## WHAT YOU HAVE TO DO
Every entry below should appear in the answer exactly as written, apart from the pictures.
======== DATA
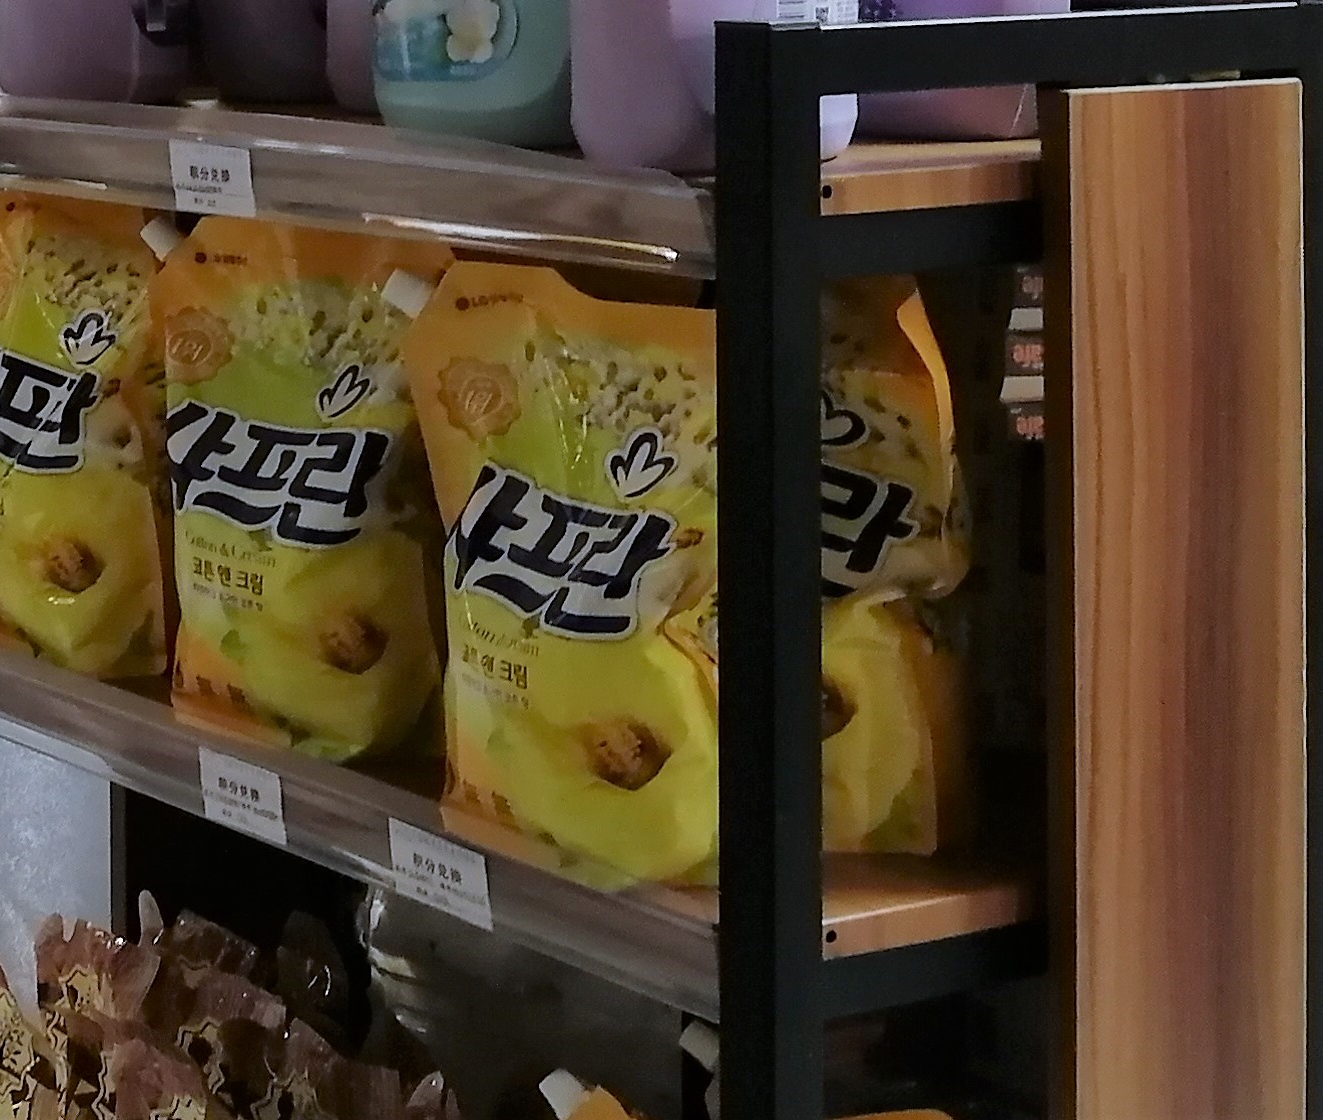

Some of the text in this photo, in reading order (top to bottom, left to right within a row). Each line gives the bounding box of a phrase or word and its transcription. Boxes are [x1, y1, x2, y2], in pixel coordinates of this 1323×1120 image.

[166, 401, 390, 545] 샤프란
[236, 570, 264, 596] 크림
[445, 465, 673, 634] 샤프란
[499, 659, 528, 690] 크림
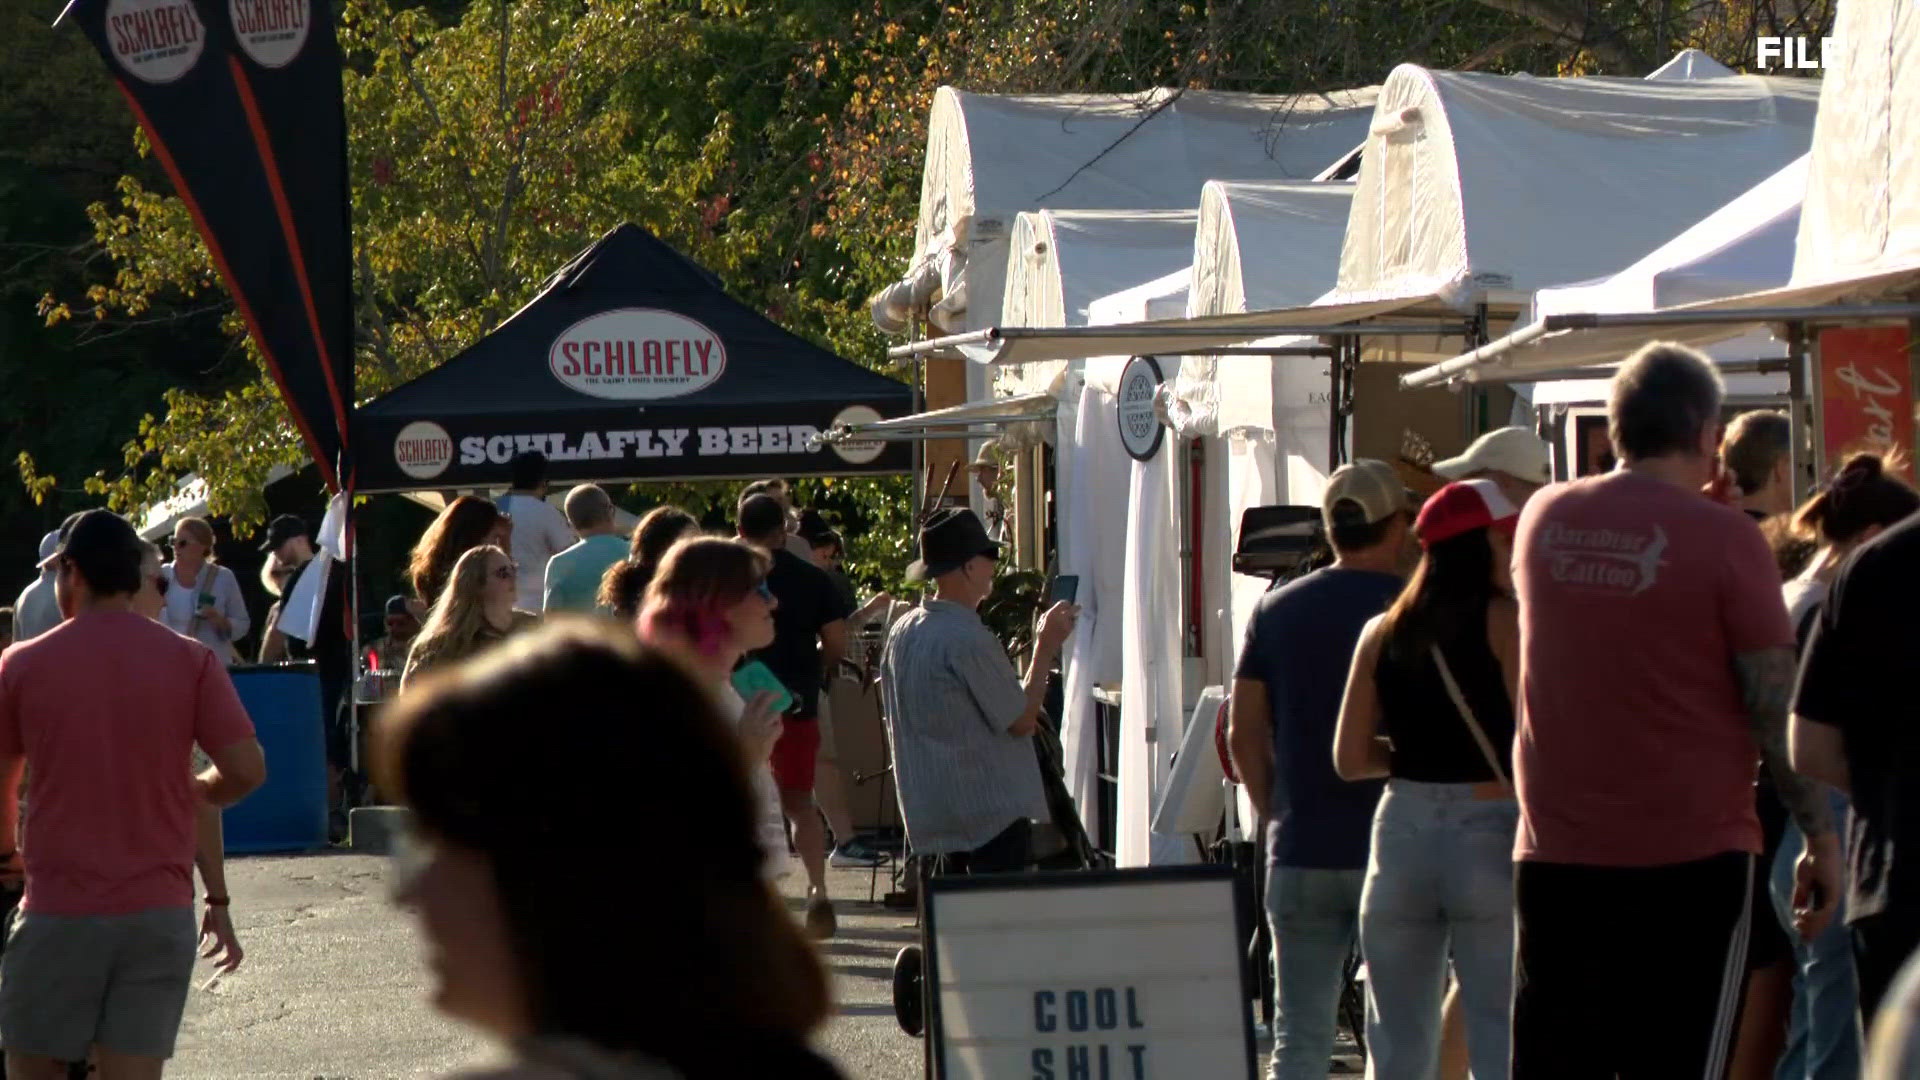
================
## YOUR SOLUTION
Some of the text in this photo, in reading order (top to bottom, left to right within a row). Each line gives the bounding box of a phrase or word and its transcription. Boxes are [x1, y1, x2, y2], in pixel coordinates of this 1323×1120 image.

[166, 401, 390, 545] 샤프란
[236, 570, 264, 596] 크림
[445, 465, 673, 634] 샤프란
[499, 659, 528, 690] 크림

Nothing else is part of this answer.